Estradiol Valerate/Dienogest

Abstract

Estradiol valerate/dienogest is an oral contraceptive for women that combines the natural estrogen estradiol with the 19-nortestosterone derivative dienogest in a four-phasic formulation. Estradiol valerate/dienogest demonstrated contraceptive efficacy in a large (n = 1377), noncomparative, multicentre study in women aged 18-50 years, with 13 pregnancies over 1797.5 women-years of exposure generating an unadjusted Pearl Index (PI) of 0.73 (upper limit of 95% CI 1.24) [primary endpoint]. Six of the pregnancies were attributed to method failure, resulting in an adjusted PI, based on 1786.5 women-years of exposure, of 0.34 (upper limit of 95% CI 0.73).

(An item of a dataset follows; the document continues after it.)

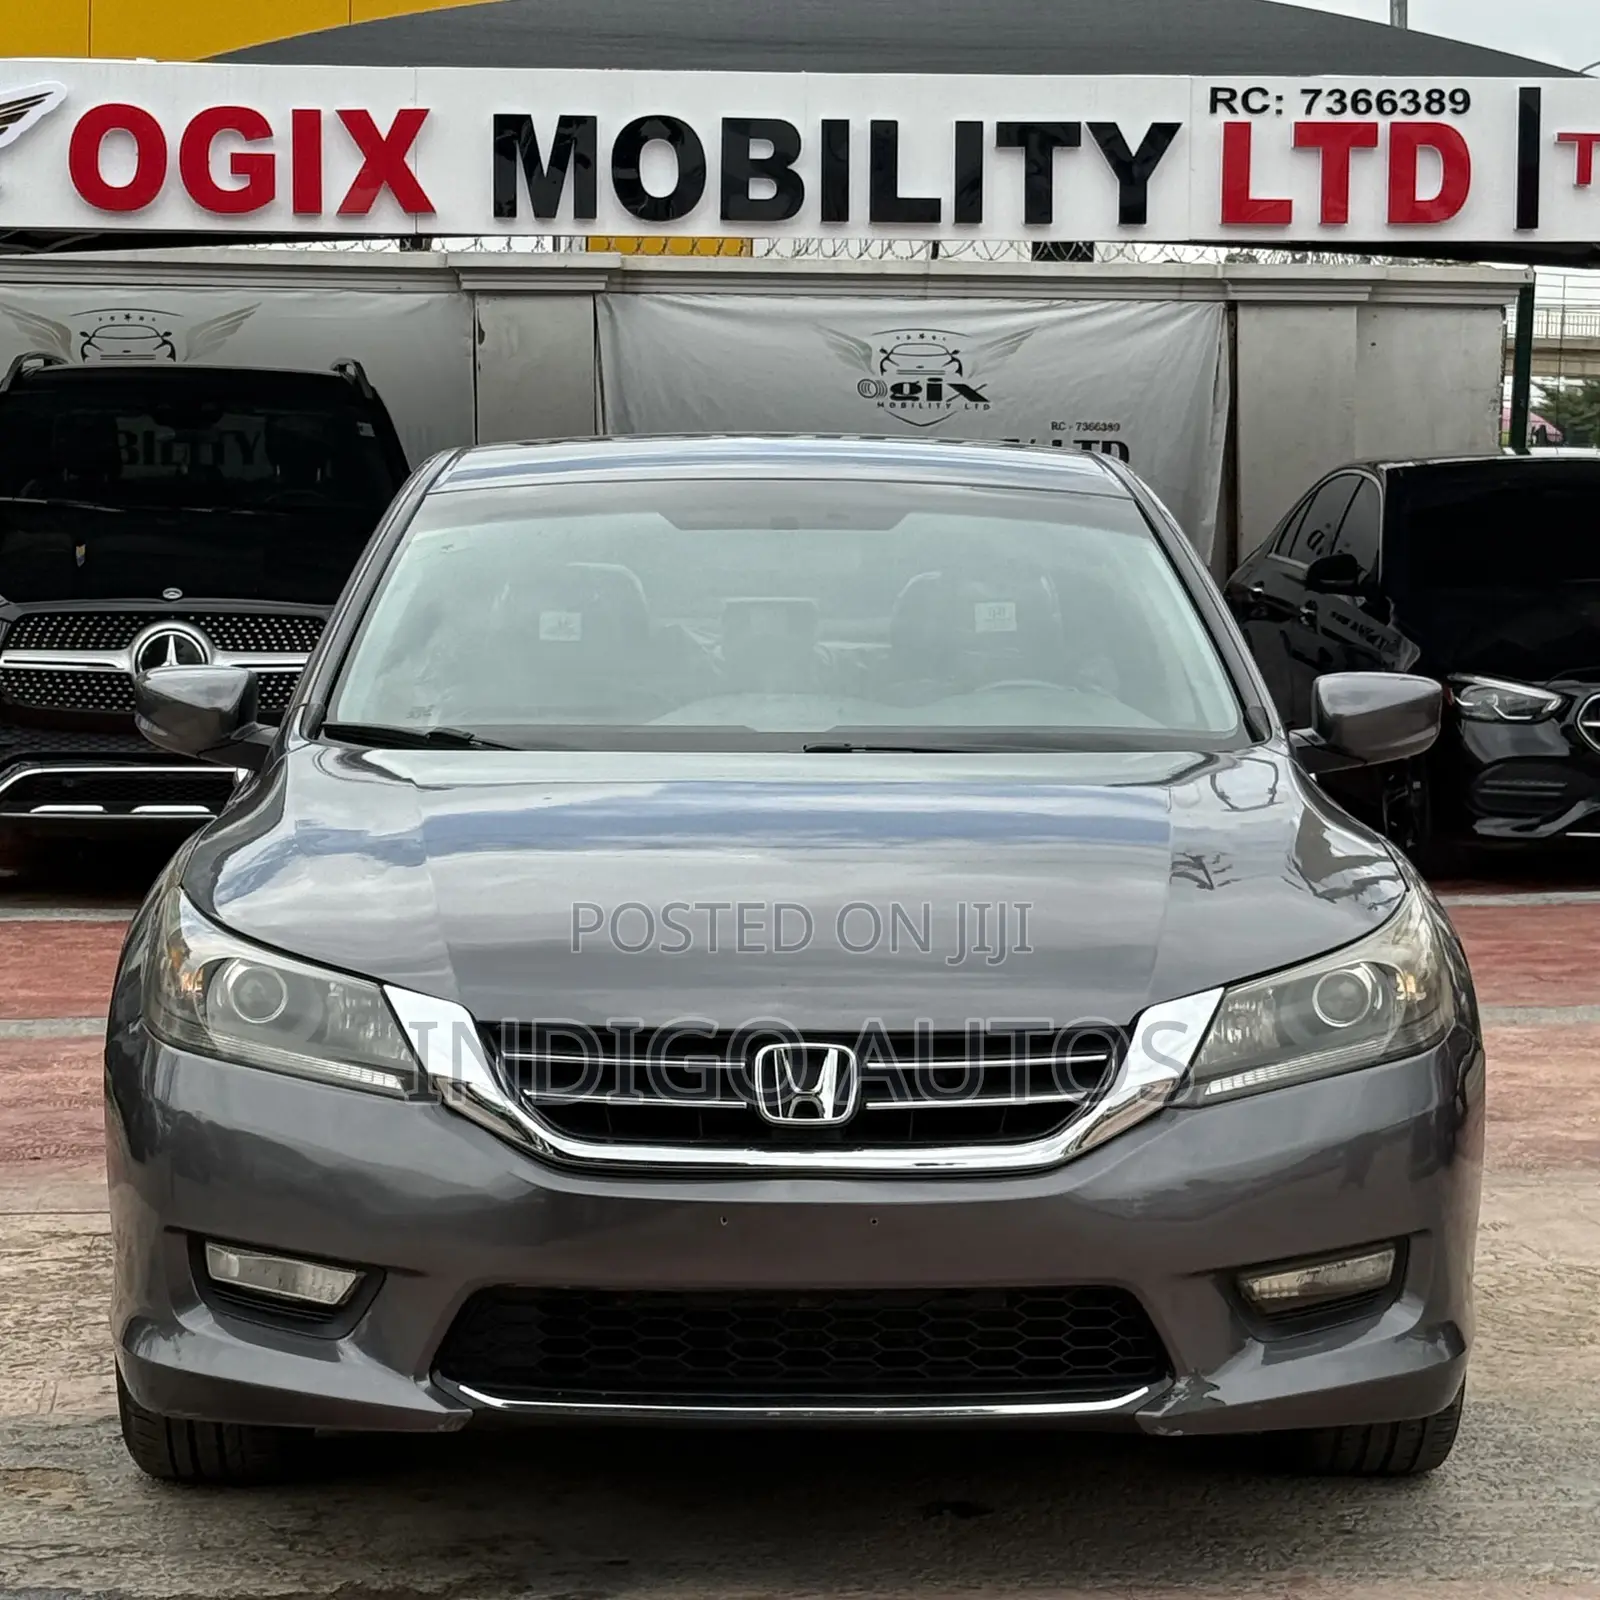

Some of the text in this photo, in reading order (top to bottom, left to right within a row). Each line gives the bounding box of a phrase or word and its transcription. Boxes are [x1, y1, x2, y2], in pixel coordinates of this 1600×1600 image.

In a double-blind study in 798 women aged 18-50 years, estradiol valerate/dienogest and ethinylestradiol/levonorgestrel demonstrated an acceptable bleeding pattern and level of cycle control, according to several co-primary endpoints. As reported in the UK manufacturer's summary of product characteristics, the unadjusted PI for women aged 18-35 years or 18-50 years in a pooled analysis of clinical studies was 1.01 (upper limit of 95% CI 1.59) and 0.79 (upper limit of 95% CI 1.23). This pooled analysis of three studies excluded those pregnancies occurring within 14 days of the cessation of therapy. Estradiol valerate/dienogest was generally well tolerated in this population, with the nature of adverse events generally similar across the studies and between estradiol valerate/dienogest and ethinylestradiol/levonorgestrel.